He says the main thing he took from his time in the army was the opportunity to work with a first sergeant named Clarence Bray. “He was a fine man, a Kentuckian with a high school education,” Bill says. “He knew how to organize and get things done. This probably sounds stupid, because, as anybody knows, I am not at all organized, but you should have seen me before I worked with Sergeant Bray. I’m ten times better organized now than I was before. I learned at least as much from him as I did from any professor.”
***********
Bill says, “In our society, we use ‘psychology’ as an explanation for anything we don’t understand. This is precisely the way people identified witchcraft for hundreds of years. The widow Mueller walked by about 3:00 as I was milking my cow, the milk turned out to be sour, there’s no reason why that milk would be sour . . . it must be witchcraft.
“My point is, in order to show that something is a psychological effect, you need to show that it is a psychological effect--not merely that it isn’t something else. Which people still don’t get. They look at things as logically as they can, and, not seeing any other difference between A and B conclude that the difference between them is psychology.
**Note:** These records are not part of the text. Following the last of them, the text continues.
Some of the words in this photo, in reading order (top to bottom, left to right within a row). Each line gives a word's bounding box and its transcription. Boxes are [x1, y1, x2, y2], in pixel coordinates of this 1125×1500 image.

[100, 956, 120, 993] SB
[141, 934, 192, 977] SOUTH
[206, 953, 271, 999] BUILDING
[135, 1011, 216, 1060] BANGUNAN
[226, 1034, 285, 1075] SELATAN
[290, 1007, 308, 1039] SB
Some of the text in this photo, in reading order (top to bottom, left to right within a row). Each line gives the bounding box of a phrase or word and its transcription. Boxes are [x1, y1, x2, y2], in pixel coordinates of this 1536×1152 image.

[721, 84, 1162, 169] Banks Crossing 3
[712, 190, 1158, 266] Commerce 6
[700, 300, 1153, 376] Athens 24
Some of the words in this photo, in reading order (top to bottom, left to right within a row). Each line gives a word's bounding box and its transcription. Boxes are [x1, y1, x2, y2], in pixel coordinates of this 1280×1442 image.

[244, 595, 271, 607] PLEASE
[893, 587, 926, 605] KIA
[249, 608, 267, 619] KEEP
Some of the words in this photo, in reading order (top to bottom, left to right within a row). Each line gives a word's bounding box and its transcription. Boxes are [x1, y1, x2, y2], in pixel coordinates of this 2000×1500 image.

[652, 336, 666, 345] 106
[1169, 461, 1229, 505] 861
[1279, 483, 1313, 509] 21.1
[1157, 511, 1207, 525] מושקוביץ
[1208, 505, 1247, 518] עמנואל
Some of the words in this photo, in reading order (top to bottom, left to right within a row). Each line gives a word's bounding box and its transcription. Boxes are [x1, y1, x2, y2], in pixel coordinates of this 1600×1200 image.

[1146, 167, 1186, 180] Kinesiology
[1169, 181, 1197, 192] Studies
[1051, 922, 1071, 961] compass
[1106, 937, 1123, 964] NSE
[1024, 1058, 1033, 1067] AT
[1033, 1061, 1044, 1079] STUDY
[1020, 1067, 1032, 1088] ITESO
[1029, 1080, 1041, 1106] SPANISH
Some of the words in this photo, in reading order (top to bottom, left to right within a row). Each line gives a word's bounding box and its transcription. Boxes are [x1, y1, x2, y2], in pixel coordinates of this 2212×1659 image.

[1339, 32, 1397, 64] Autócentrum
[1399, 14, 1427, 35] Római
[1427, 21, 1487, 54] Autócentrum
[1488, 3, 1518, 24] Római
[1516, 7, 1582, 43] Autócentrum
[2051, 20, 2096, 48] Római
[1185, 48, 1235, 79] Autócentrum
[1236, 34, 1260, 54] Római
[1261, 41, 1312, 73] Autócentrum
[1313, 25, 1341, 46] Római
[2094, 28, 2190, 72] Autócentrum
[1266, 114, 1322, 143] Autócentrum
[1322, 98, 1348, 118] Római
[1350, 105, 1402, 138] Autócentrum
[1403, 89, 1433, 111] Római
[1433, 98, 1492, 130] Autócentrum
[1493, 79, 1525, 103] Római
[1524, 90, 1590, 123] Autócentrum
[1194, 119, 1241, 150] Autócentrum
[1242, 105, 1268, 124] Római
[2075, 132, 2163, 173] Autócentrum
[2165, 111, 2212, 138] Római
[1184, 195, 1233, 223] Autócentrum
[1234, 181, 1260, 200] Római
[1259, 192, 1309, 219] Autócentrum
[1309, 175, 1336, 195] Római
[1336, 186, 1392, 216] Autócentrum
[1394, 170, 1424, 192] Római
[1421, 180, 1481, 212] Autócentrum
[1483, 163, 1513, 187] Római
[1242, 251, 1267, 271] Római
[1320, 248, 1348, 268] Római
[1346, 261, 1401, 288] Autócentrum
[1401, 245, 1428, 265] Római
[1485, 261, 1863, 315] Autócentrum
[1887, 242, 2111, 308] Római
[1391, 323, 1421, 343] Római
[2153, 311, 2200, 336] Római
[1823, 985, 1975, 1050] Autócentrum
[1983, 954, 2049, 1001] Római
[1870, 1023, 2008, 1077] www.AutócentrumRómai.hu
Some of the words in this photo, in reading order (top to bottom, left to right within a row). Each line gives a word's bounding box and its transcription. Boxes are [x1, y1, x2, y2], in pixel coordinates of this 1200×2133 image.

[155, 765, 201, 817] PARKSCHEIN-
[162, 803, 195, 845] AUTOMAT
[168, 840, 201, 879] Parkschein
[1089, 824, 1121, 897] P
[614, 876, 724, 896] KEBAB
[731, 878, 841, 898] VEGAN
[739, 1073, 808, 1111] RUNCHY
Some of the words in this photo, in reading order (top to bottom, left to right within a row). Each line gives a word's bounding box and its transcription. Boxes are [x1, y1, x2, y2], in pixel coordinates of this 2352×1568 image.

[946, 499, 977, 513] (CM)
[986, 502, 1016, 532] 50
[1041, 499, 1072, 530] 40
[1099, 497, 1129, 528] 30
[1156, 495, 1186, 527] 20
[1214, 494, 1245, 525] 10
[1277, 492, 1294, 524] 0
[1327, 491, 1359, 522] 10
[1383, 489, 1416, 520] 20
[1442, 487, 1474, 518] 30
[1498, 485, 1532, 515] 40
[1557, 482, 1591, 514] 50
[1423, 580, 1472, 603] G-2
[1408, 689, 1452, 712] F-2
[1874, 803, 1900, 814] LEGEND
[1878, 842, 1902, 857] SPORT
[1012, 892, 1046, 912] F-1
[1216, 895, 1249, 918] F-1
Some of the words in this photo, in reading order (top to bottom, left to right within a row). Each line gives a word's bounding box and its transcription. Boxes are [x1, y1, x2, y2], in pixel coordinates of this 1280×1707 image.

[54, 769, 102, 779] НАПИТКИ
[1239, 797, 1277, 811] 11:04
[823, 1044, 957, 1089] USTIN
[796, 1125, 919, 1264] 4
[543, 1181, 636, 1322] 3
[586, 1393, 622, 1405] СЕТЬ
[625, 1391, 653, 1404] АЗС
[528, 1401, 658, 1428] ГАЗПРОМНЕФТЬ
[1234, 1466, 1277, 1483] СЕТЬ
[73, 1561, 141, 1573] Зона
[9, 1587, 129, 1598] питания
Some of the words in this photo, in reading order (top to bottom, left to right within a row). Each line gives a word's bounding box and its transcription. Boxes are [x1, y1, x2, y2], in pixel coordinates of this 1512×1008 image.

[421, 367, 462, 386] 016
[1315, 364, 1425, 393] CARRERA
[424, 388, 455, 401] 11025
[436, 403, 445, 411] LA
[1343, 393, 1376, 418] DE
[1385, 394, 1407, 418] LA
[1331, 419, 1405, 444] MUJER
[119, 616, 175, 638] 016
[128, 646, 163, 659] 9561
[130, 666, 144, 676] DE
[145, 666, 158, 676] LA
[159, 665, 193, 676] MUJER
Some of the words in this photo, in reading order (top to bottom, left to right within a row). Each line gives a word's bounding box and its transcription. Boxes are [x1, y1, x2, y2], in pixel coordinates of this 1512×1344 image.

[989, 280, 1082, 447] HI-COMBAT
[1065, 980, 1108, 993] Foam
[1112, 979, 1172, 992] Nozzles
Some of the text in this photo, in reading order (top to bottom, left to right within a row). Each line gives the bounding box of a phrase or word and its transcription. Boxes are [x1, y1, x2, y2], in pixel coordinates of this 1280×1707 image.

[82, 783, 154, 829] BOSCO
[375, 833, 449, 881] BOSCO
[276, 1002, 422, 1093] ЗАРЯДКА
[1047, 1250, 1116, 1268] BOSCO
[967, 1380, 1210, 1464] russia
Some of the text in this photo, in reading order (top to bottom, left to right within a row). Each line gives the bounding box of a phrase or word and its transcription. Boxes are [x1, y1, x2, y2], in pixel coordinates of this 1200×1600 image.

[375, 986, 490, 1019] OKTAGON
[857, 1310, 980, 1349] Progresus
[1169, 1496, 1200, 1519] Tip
“We don’t understand why the Red Sox played better without Nomar than with him, so we credit it to clubhouse psychology. We don’t understand why Joe Torre is successful, so we claim that he is a master psychologist. This is illogical, and it isn’t really any different than attributing it to witchcraft. People used ‘witchcraft’ to explain why babies died in their cribs and why cats act weird. Using ‘psychology’ in the same way isn’t any better, and it isn’t a service to real psychology. It is actually defending real psychology to resist the bastardization of the term.
***********
The data needed to test much of baseball’s traditional knowledge always existed, but opinion and lore lorded over research. It’s so much easier to form an opinion than to study a question, like the difference between making babies and raising children. Rather than start with an opinion and build a case, Bill began with the question and searched for evidence to help answer it. “Perhaps the central tenet of my career,” he says, “is that hard information is much more powerful than soft information. Whenever you add hard, solid facts to a discussion, it changes that discussion in far-reaching ways, and sometimes in unfortunate ways.”
***********
Susie says, “Publishing the books at home he could print what he wrote, just as he wrote it. To have someone he didn’t know come in and start giving advice was difficult for him. He knows what he wants to do, and if there’s any suggestion to the contrary, he tends to take offense. Since I used to read everything and did a lot of his typing, I learned early on that it was a risky business to point out even spelling errors. I just corrected them and went on. If I thought a sentence was poorly worded or needed punctuation, I learned to keep my opinion to myself.” Once, one of her professors called to say he enjoyed the book, but couldn’t resist passing along one thing he wished were different. “He thought it was a little lazy to use cuss words,” Susie says. “I told Bill about his advice, but of course it didn’t do a damn bit of good.”
***********
By the mid-eighties, the Abstract and its author had become a cultural marker. Newsweek once called the Janus Report “the sexual equivalent of the Bill James Baseball Abstract.” There were references to “the Bill James of education policy,” of suicide, and movies, elections, comedy, weather. . . . A book review in the Chicago Tribune praised an author for being to politics what Bill James is to baseball: “a mix of historian, social observer, and numbers cruncher who illuminates his subject with perspective and a touch of irreverence.”
***********
The Boston Globe’s Bob Ryan posited in 1984 that Bill could be as important to baseball as Alexander Cartwright, “who codified the game,” and Babe Ruth. Recently it’s been much noted that Bill James didn’t invent statistical analysis in baseball. That’s true, of course, just as it’s true that baseball existed before Cartwright codified it and that Ruth wasn’t the first player to hit the longball chicks dig.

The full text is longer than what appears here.